Polio vaccine debate hits High Court

As hundreds of thousands of children are inoculated against the virus, judges must decide whether the campaign is safe

A child is inoculated with the oral polio vaccine at a children's health clinic in Jerusalem. (Yonatan Sindel/Flash90)
A child is inoculated with the oral polio vaccine at a children's health clinic in Jerusalem. (Yonatan Sindel/Flash90)

A petition filed with the High Court of Justice demands that the government stop its current campaign of vaccinating children against polio, claiming that, among other things, the solution could be a lot more dangerous than the problem itself.

Yaakov Gurman, director of the Izun Hozer organization, which filed the petition, told The Times of Israel that the risks inherent in the few samples of the wild strain polio virus discovered in several places in Israel could be multiplied many times over once a million kids are given the oral polio vaccine (OPV) — essentially a weakened form of polio that, like most inoculations, introduces the virus and lets the body build up a resistance by developing the antibodies needed to battle a full-on invasion of polio.
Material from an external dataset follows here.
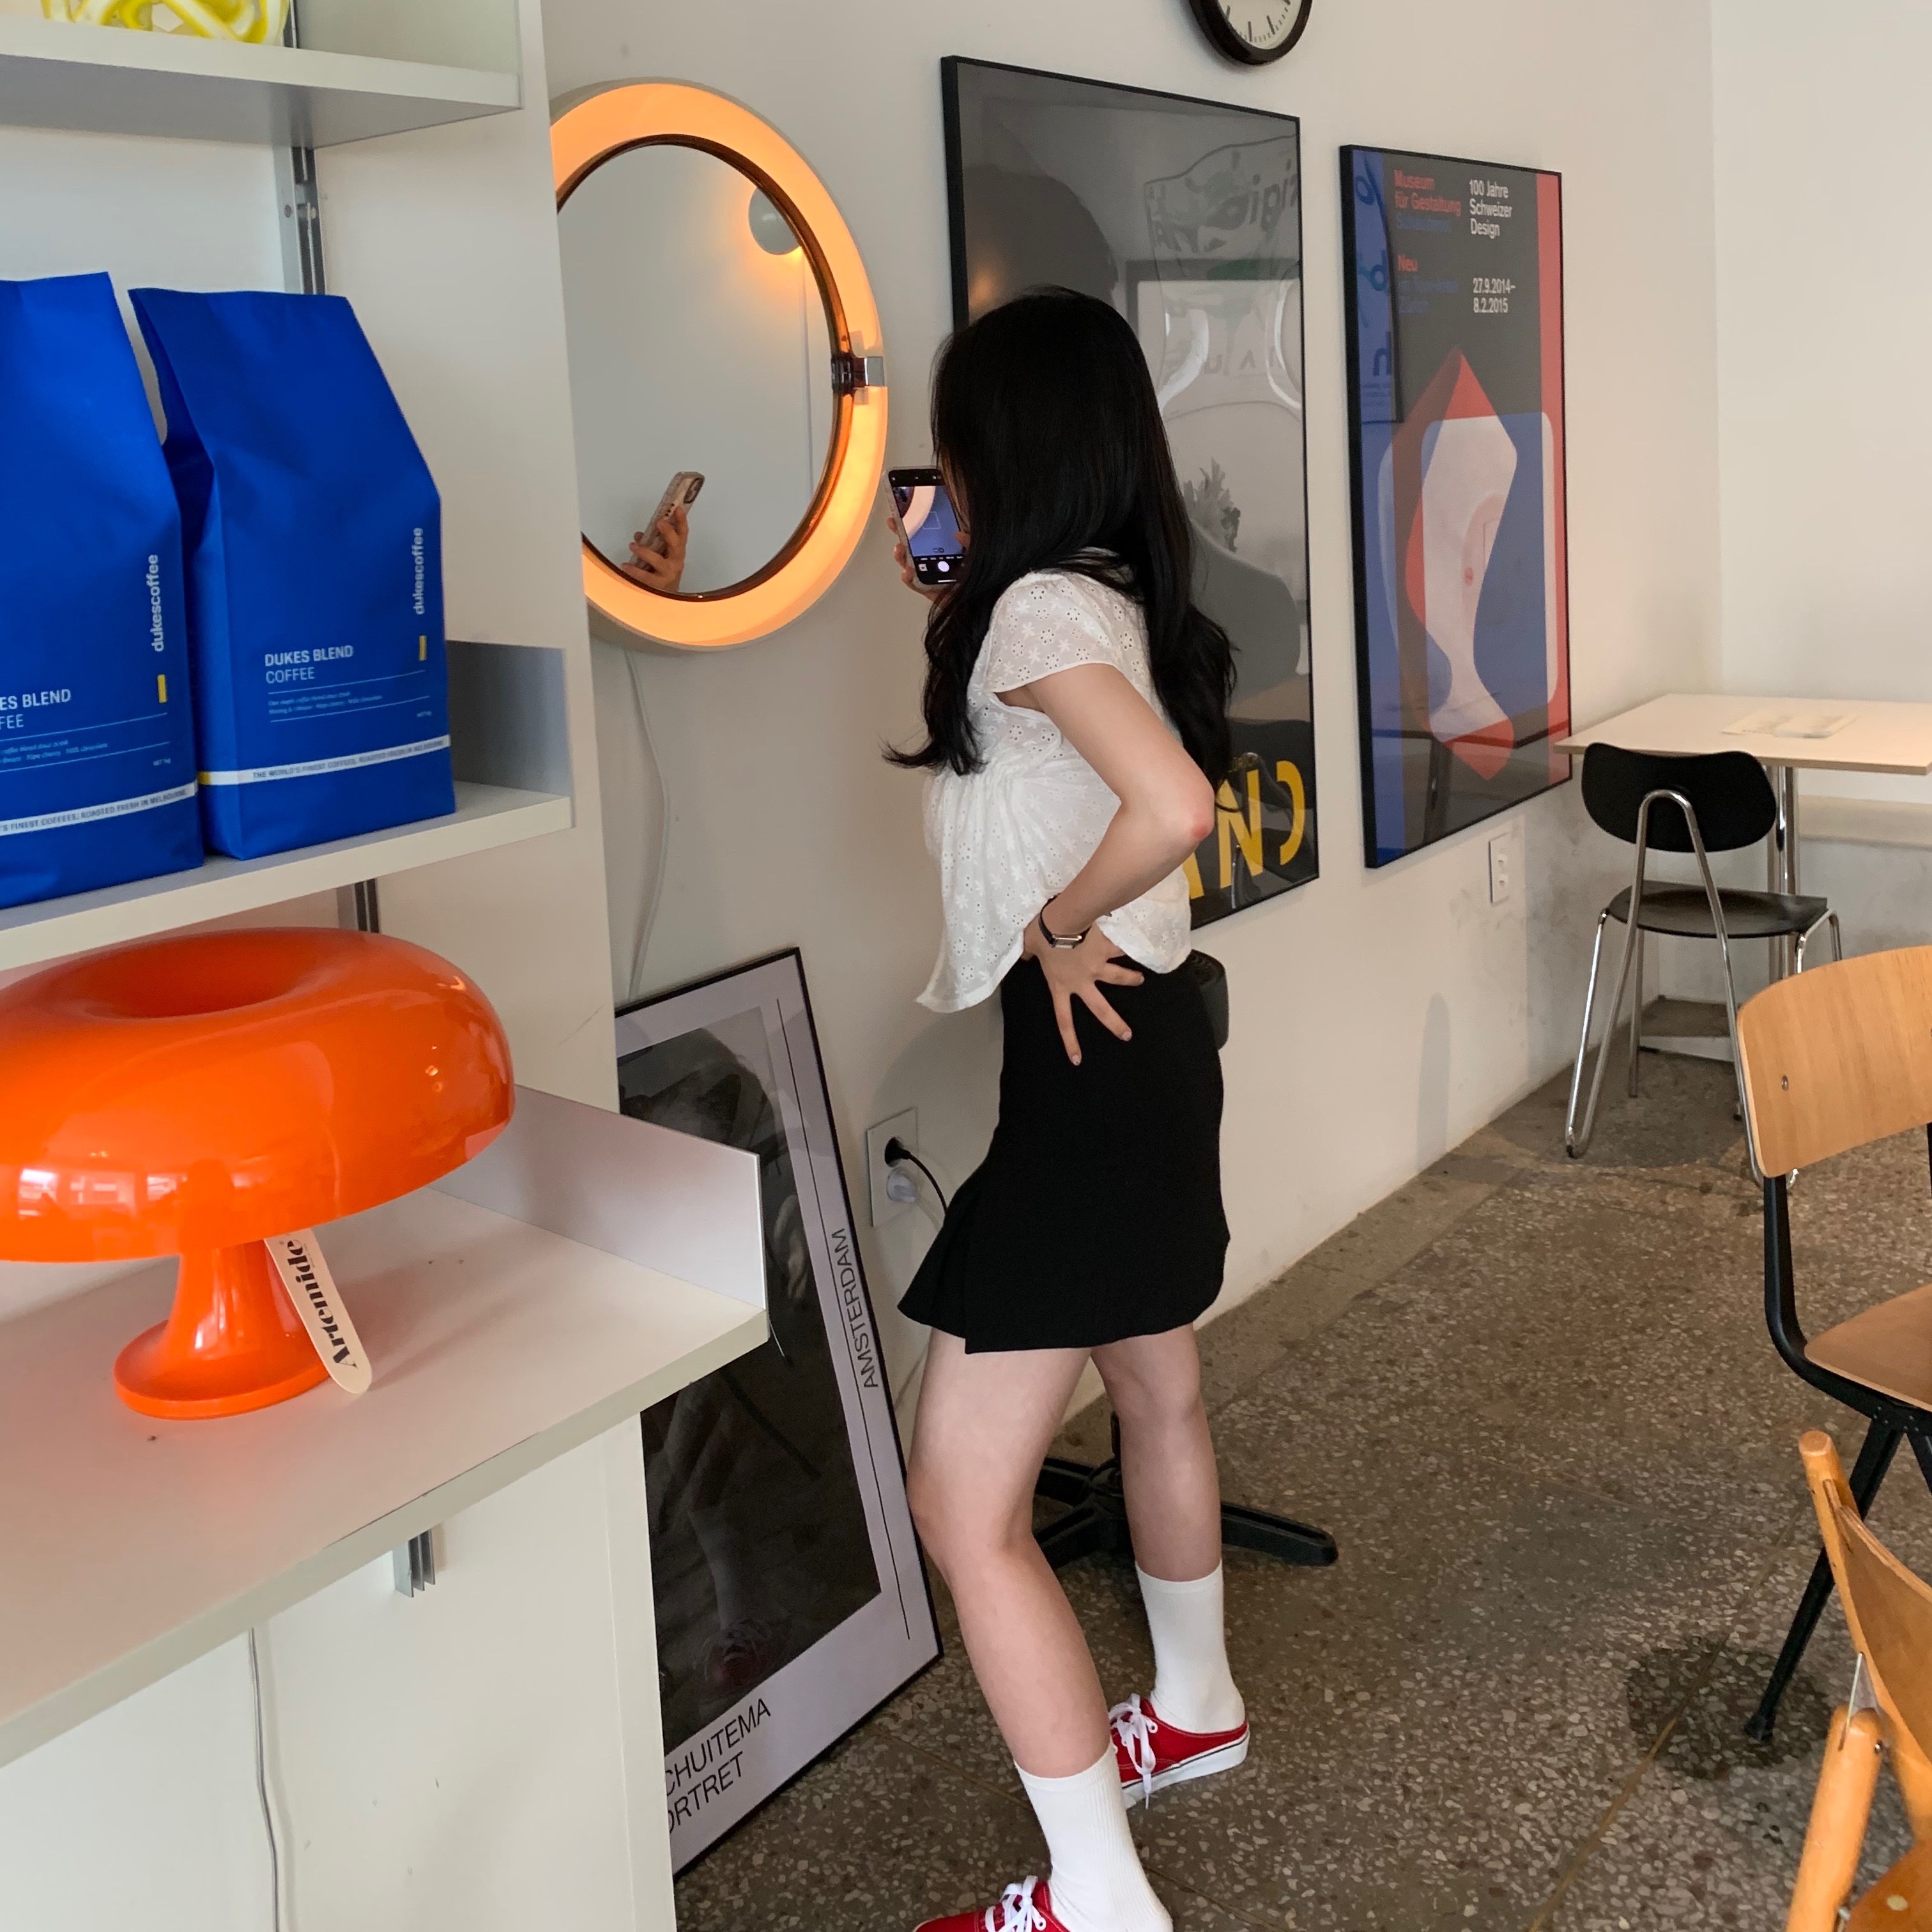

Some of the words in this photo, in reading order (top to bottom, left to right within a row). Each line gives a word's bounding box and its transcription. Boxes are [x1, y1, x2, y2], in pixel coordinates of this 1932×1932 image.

“One of the reasons they stopped inoculating children with OPV in 2005 was because it caused an outbreak of polio, with dozens contracting the disease each year,” said Gurman. “The current situation is even worse, because the reconstituted OPV uses a somewhat different formula, and has never been used in Western countries.”

It has, however, been used in India and Nigeria, and in both those countries, the rates of non-polio acute flaccid paralysis (NPAFP) climbed. NPAFP is a disease that partially or fully paralyzes children, as polio does (although it is not necessarily connected to polio).

In fact, a study by several prominent Indian physicians shows a correlation between a sharp increase in NPAFP rates among children over the past decade, the period when Indian authorities aggressively attacked polio with OPV. Data published by the World Health Organization identified 8,000 cases of NPAFP in the country in 2003, when inoculations began in earnest, shooting up to more than 60,000 cases identified by 2011.

In its High Court petition, the Izun Hozer group alleges that the use of the oral vaccine is dangerous. Part of the strategy, said New York pediatrician and author Dr. Stuart Ditchek, is to actually spread the disease around in order to “infect” others who have not taken the vaccine.

“Historically, wild polio virus exposures have been put to rest by utilizing the strategy of implementing the live oral polio vaccine,” Ditchek told The Times of Israel. “By using oral polio vaccine, the recipient actually sheds small amounts of live polio virus and passes on the exposure to others by fecal-oral route. Simply put, when you give one child the OPV, three others will likely also receive it as the virus is shed in stool and passed on to others.”

The strategy is tried and true and has successfully tamped outbreaks in many areas, said Ditchek, but Izun Hozer claims in its petition that the program is risky at best and dangerous at worst.

“Whatever the risk there is of a wild strain of polio in the environment, all medical authorities agree that the worst damage could be that several dozen people may get infected, and it is not at all clear that they will suffer from the worst consequences of the disease,” said Gurman. “Now, with the virus in the bodies of a million children, polio will be spread far and wide. What will happen if the disease mutates and gets out into the environment? If the authorities are worried about a plague, that’s the one to worry about.”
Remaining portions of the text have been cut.